まあ単純に二人の喧嘩が目立つだけかもしれない。

 窃盗の後は必ずあゆむの家で祝杯を挙げるのが恒例化していた。時にはアパートの有象無象が集まってきたし、時には八年生会など関係なく酒盛りは行われた。

 思いの外悪くなかったのである。

 この空気が嫌いではなかった。

 あゆむも誇り高き緑色の紳士として、井戸の底でふんぞり返っていたのである。


 報告しに行こう。どこへ? 瀧のところへ。報告とは少し違うか。しかし最近構内の不正が減っているとか聞ければ、とても励みになる。つまり会いたいだけである。

 研究室の扉の前に立つと「……」扉の向こうから二人分の声が聞こえた。

(言い争っている…?)

 一人は間違えようがない彼女の声である。もう一人は男の声で聞き覚えはない。そしてはっきりと分からないが一方的に瀧が声を荒げていた。男は言葉少なに宥めすかしている。

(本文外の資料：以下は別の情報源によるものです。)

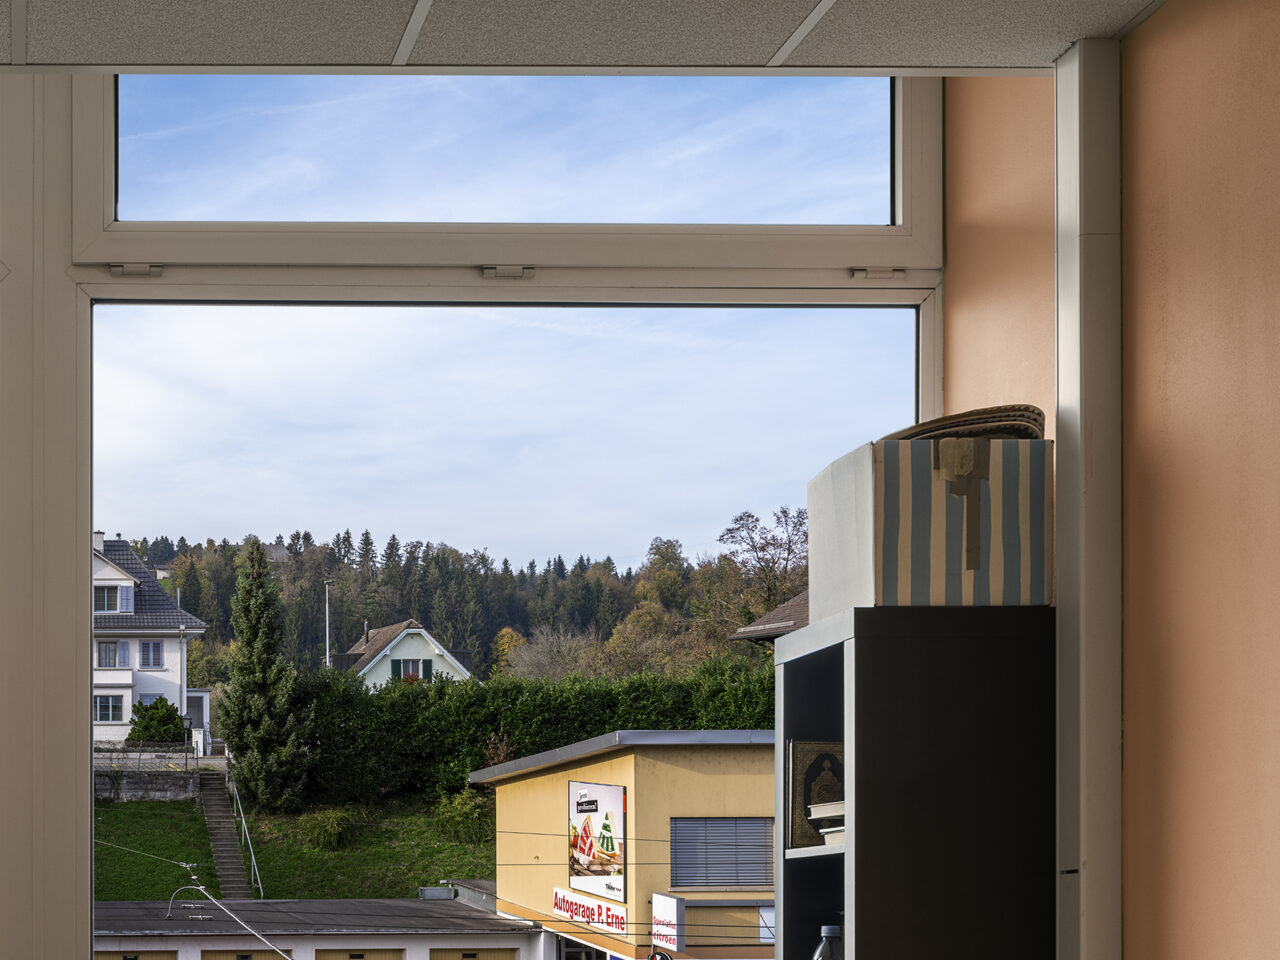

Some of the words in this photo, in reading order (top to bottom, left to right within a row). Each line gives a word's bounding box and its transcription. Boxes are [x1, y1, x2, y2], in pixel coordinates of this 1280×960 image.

[553, 891, 595, 925] Autogarage
[597, 904, 604, 924] P.
[605, 906, 626, 931] Erne

(日を改めるべきか…?)と思い扉から手を離した、が「…あ」

「……」無常にも扉が開く。精悍な顔立ちの男がと目が合った。太い眉が印象的で男はあゆむの方に一瞥をくれると何も言わずに立ち去る。開けっ放しの扉、瀧と視線が交錯する。

 ーー彼女は泣いていた。

 ああと、聞かずして二人の関係を察する。ある程度想定していが、むしろこんなに美しい人を放っておくほうが異常であり、その場合特殊な性癖とか宗教上の理由とか逆に心配になってしまう。だから正直安心した。でも結構ショックだった。

「あ、あの…。おれ、帰ります!」結局帰るんかい、と内心でツッコむ。

「待って」涙声で「帰らないで」

 そんな風に言われて帰れる男がいるだろうか。いやいない。

「……」

 女性が愚痴を漏らす時一緒になって彼氏をけなすと「そんなことない!」と向こうの肩を持つらしい。逆に彼氏の肩を持つと「そんなことない!」とさらにパートナーを貶める。このことから恋愛上級者たちは、徹底して男の味方をして二人を破局へ導くという。

 ではあゆむはどうするべきか。本当に好きかと尋ねられれば本当に好きである。ただそれを他人を不幸にすることで証明しろというのは間違っている。本当に好きなら瀧女史が最も幸せになれる方法を選ぶべきであり、そこに自分を捻じ込むのは選択肢の一つでしかない。

 しかしそれは逃げじゃないか? 自分本意で何が悪いというのか。紳士だか騎士道だか知らないが格好つけているだけだ。ランスロットを見習え。好きってのはお利口な理屈じゃねえんだよ。周りも自分も何かも見失ってそれでも突っ走るのがLOVEだろうが!

 貴様それは浮気を純愛とする常套手段ではないか! 本能に従順な動物的愛は性欲だ。人間的な純愛とは大きく異なる。いい加減にしないとマディソン川に沈めるぞ。

「…ああ精神が分裂する!」

「どうしたの?」

「…いえ」

 瀧は鼻をすすりながらお茶を淹れてくれた。「やりますよ」と言ったら何かしら手を動かしている方が気がまぎれるとのこと。変な味の甘い茶を啜る。宣言通り少し落ち着いたようだが、未だ目は赤い。こんな時どのような言葉をかけるべきか、圧倒的経験不足ゆえ想像もつかない。直接的な言葉より婉曲的な方が良いだろうか。それとも天気? 天気の話題かしら?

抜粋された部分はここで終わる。